▶ What is expected: What you return must be the full data, repeated verbatim, with no pictures in it.

▶ Data for analysis:
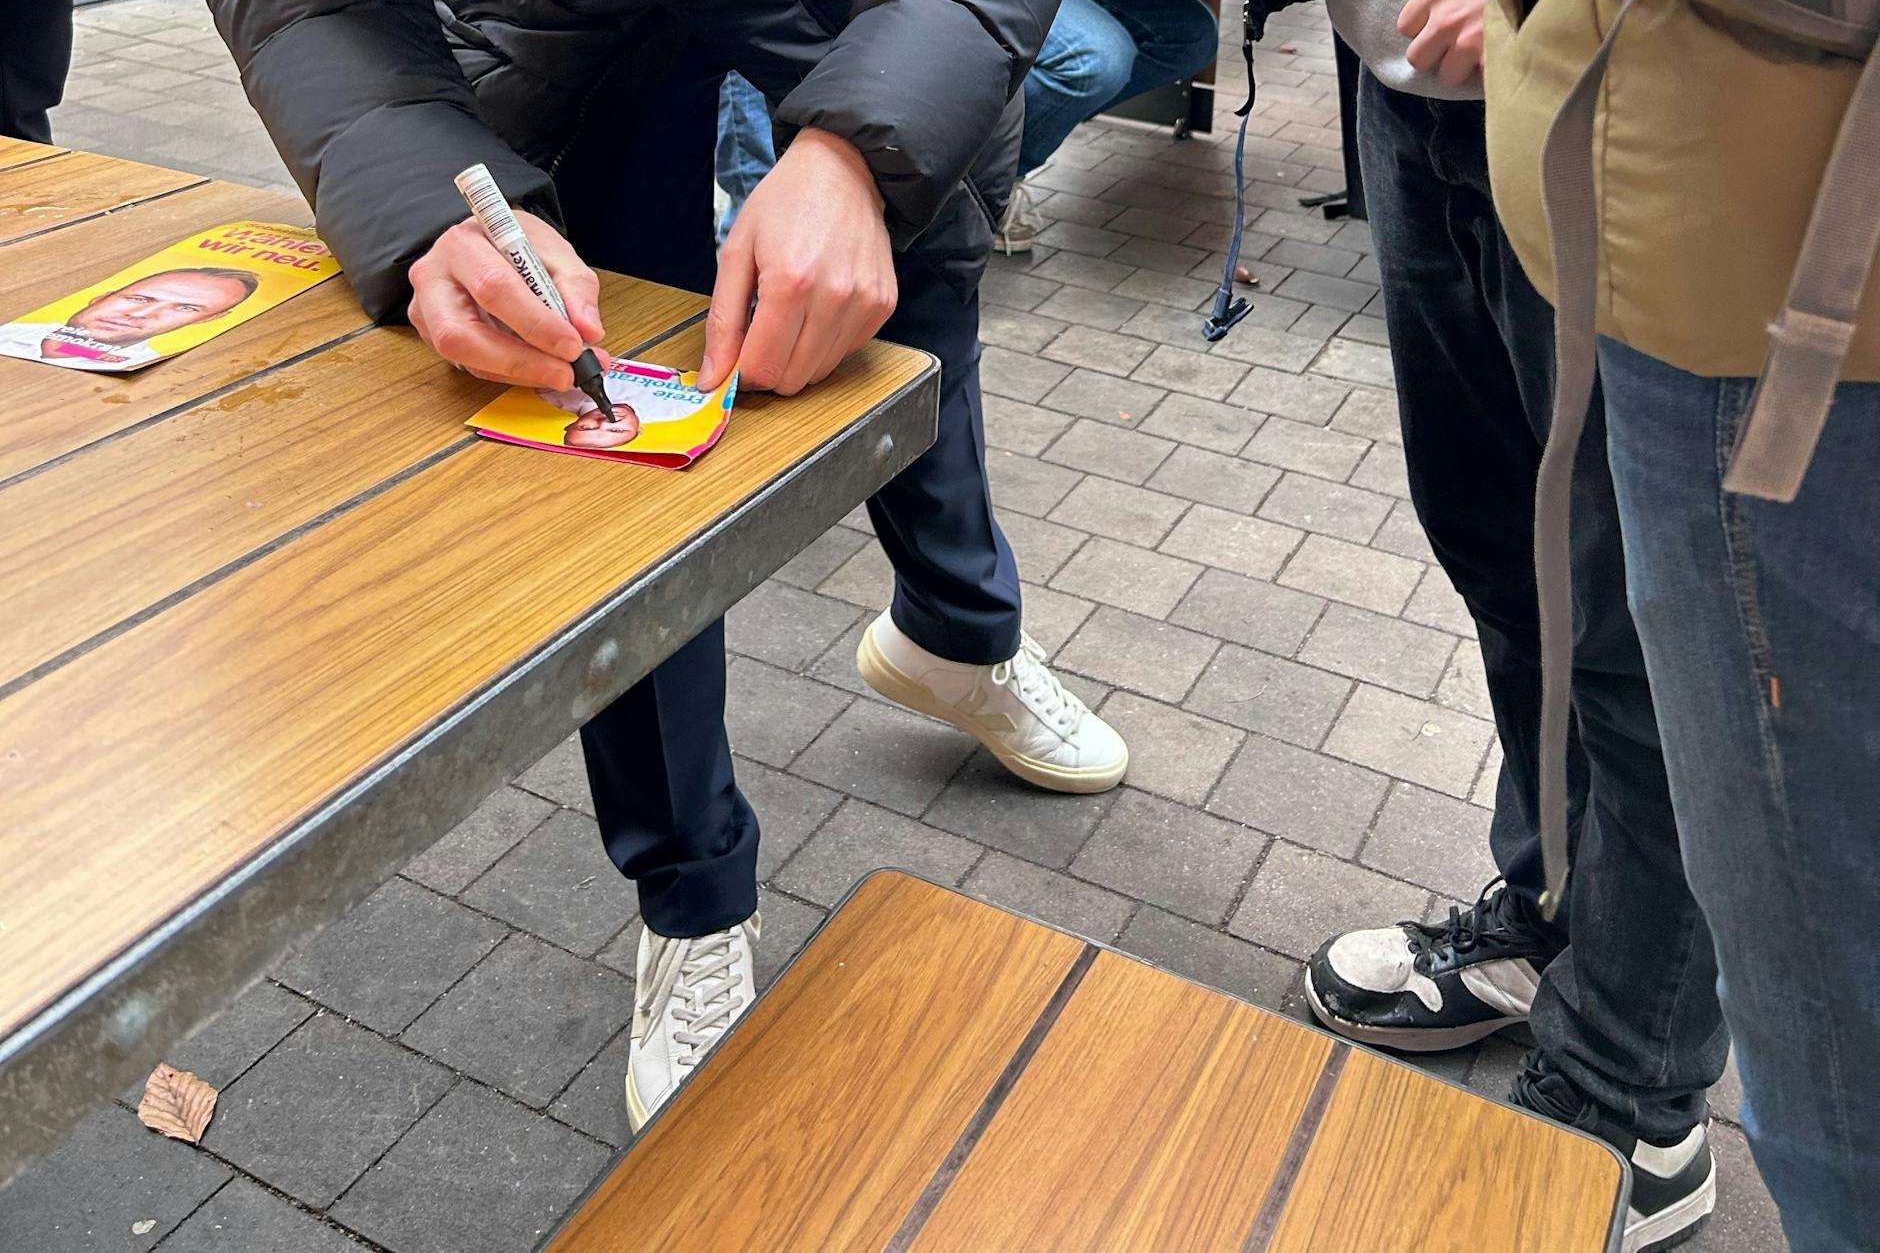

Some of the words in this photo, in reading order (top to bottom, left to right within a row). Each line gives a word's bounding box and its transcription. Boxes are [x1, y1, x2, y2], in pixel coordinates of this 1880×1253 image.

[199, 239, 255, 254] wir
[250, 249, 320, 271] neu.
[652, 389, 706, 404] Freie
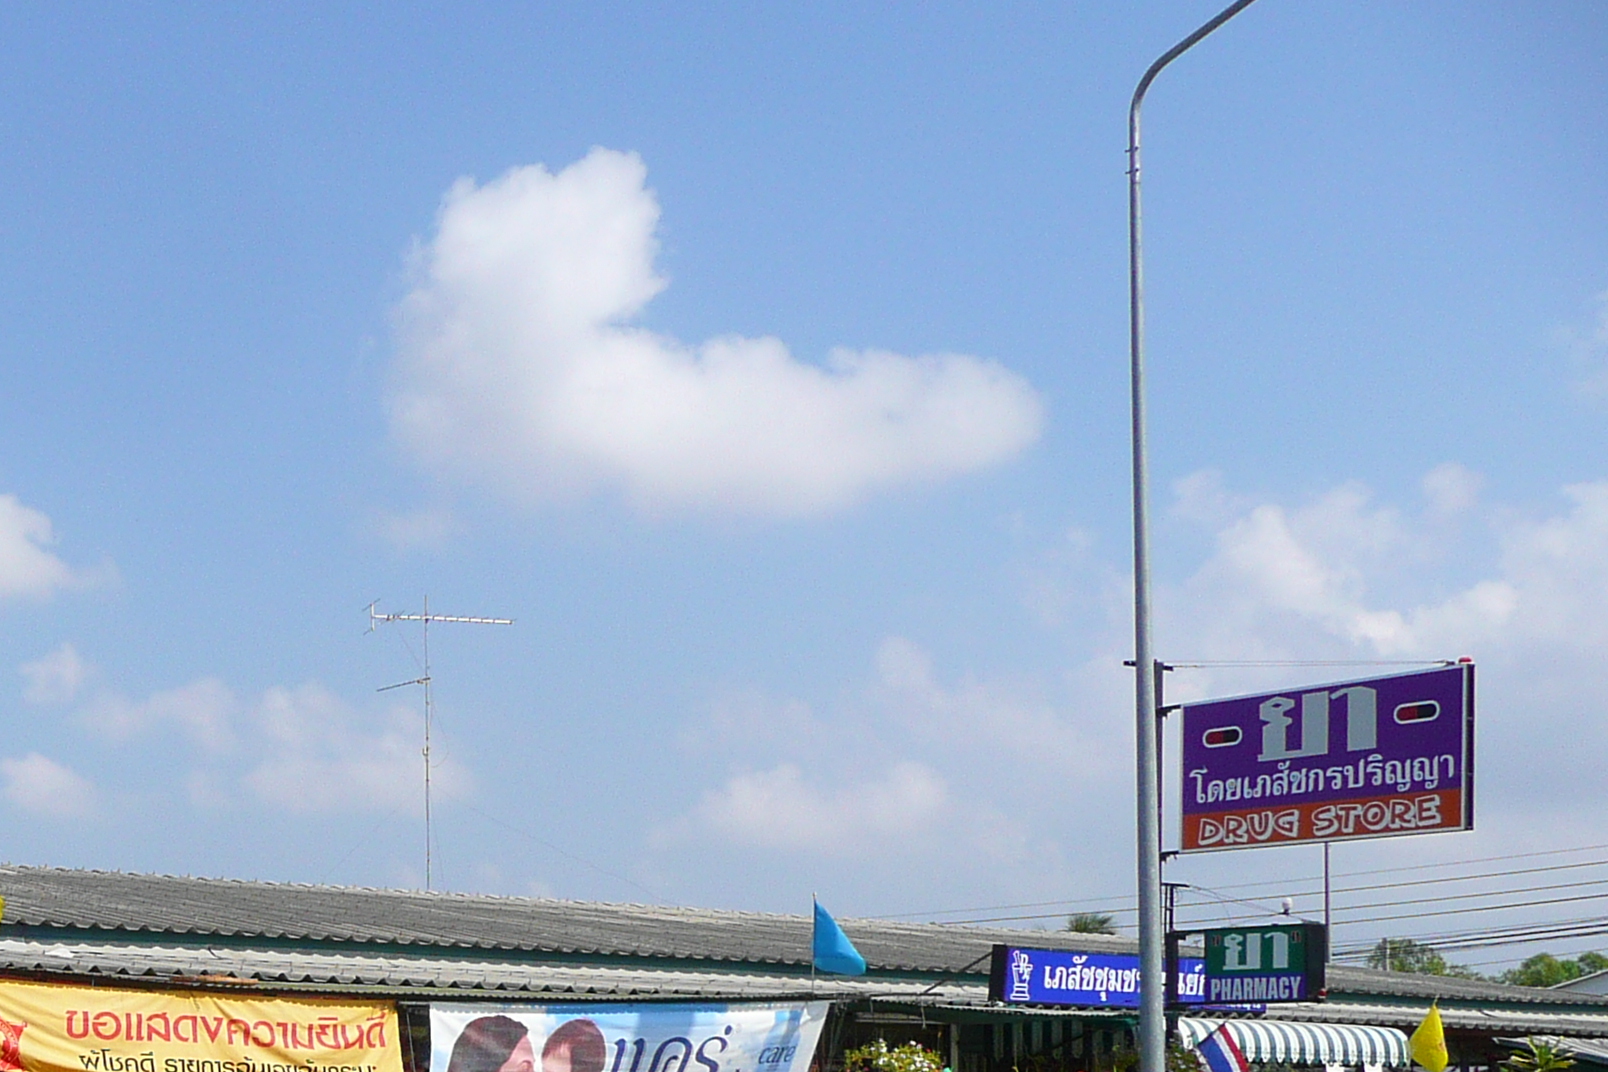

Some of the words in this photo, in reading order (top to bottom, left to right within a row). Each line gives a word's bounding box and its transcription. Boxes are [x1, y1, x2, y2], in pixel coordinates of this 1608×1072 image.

▶ Task response:
Some of the words in this photo, in reading order (top to bottom, left to right within a row). Each line gives a word's bounding box and its transcription. Boxes are [x1, y1, x2, y2], in pixel coordinates of this 1880×1253 image.

[199, 239, 255, 254] wir
[250, 249, 320, 271] neu.
[652, 389, 706, 404] Freie

Some of the words in this photo, in reading order (top to bottom, left to right within a row). Each line gives a word's bounding box and its transcription. Boxes are [x1, y1, x2, y2], in pixel coordinates of this 1608×1072 image.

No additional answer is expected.